Dieser berufliche Weg, der weitgehend auf Freiburg konzentriert war, machte jedoch nur einen Teil von Gießlers Lebenswerk aus. Gleich nach dem Krieg bemühte er sich mit Gleichgesinnten um die Gründung eines Presseverbandes in Baden, dessen Erster Vorsitzender er wurde. 1953 wurde er zum Vorsitzenden des Deutschen Journalistenverbandes (DJV) gewählt. In den zwölf Jahren seiner Amtszeit wurde ein umfassendes Tarifwerk geschaffen, das der spezifisch journalistischen Berufsarbeit Rechnung trägt. 1965 machte ihn der DJV zu seinem Ehrenvorsitzenden.
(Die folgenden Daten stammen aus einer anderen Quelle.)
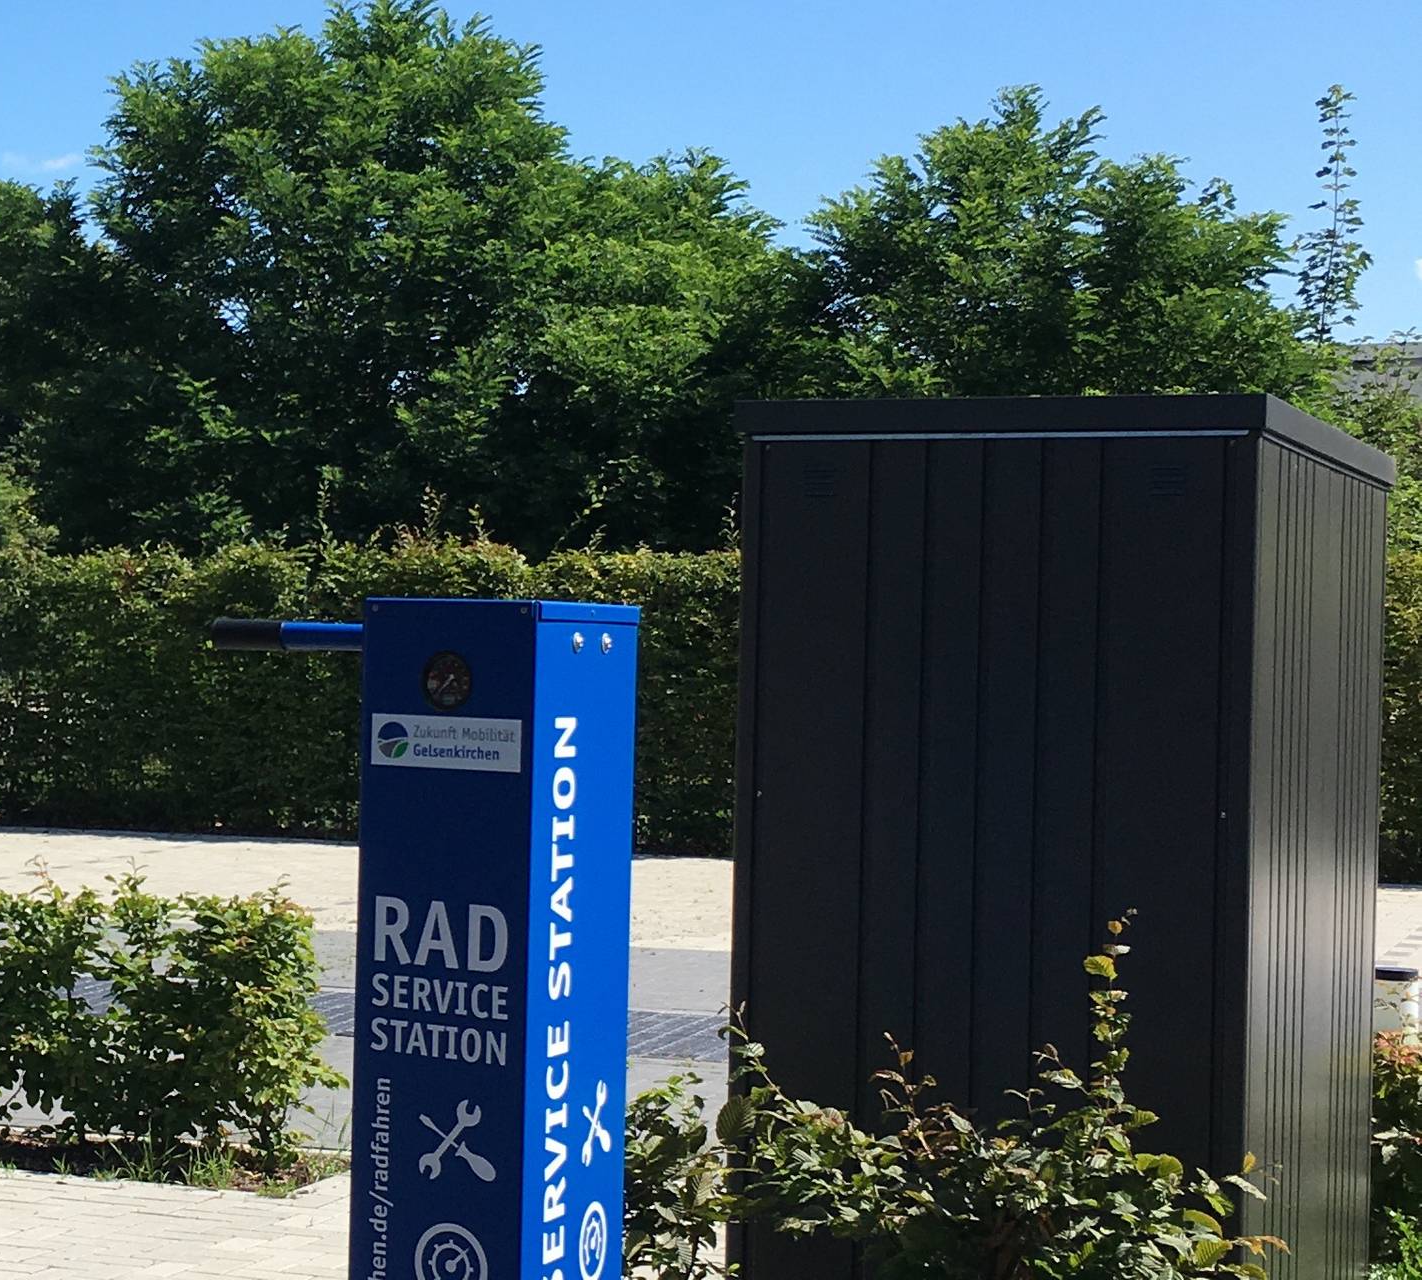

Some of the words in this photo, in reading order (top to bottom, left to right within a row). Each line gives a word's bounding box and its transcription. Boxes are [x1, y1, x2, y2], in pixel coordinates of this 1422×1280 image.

[413, 724, 457, 740] Zukunft
[462, 727, 516, 743] Mobilität
[413, 743, 500, 761] Gelsenkirchen
[547, 717, 577, 1001] STATION
[372, 895, 509, 973] RAD
[371, 973, 509, 1021] SERVICE
[369, 1017, 508, 1066] STATION
Als sich in den Nachkriegsjahren die Beschwerden gegen einige Presseorgane häuften und ein Entwurf Aufsichtsinstanzen für die Presse vorsah, ergriff der DJV unter Gießler die Initiative zur Schaffung einer Instanz der Selbstkontrolle der Presse, die 1956 zur Gründung des Deutschen Presserates führte. Gießler war sein erster Sprecher und nahm diese Funktion sechs Jahre lang wahr. Nach seinem Verständnis sollte der Presserat die Pressefreiheit nicht nur gegenüber dem Staat bewahren, sondern auch vor ihrem Mißbrauch in der Presse selbst. In einem von ihm verfaßten und von den Berufsverbänden verabschiedeten „Presse-Kodex“ wurden die publizistischen Grundsätze zusammengefaßt, die es zur Wahrung eines journalistischen Berufsethos zu beachten gilt.
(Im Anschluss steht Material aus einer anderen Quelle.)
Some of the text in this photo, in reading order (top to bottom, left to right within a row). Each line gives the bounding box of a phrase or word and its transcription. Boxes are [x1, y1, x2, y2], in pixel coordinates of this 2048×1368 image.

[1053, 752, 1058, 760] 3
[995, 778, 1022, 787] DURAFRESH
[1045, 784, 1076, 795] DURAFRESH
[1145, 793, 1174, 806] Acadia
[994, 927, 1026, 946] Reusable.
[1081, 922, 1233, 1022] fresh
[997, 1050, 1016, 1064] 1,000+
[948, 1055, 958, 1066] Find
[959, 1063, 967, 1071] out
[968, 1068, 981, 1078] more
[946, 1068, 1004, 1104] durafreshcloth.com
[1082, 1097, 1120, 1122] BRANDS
Gießlers öffentliches Wirken fand noch manche andere Betätigungsfelder: Er war der erste Deutsche im Präsidium der Internationalen Journalisten-Föderation, er war Mitglied im Rundfunkrat des Südwestfunks und er war im Vorstand der Stiftervereinigung der Presse. 1959 verlieh ihm Bundespräsident Heuss das Große Verdienstkreuz des Verdienstordens der Bundesrepublik, 1973 wurde er als erster Journalist mit dem Großen Verdienstkreuz mit Stern ausgezeichnet.
Werke: Die geistliche Lieddichtung der Katholiken im Zeitalter der Aufklärung, Freiburg Diss. 1925, gedruckt 1926; Die Gemälde von Willy Oeser. Kritisches, Mannheim 1928, 18 S.; Karl Hofer, in: Staatsanz. für B-W. 4, 1955, Nr. 28; Emil Strauß, in: Staatsanz. Tür B-W. 5, 1956, Nr. 10.
Nachweis: Bildnachweise: Foto Pragher, Freiburg i. Br., Kat. Nr. 56844 B.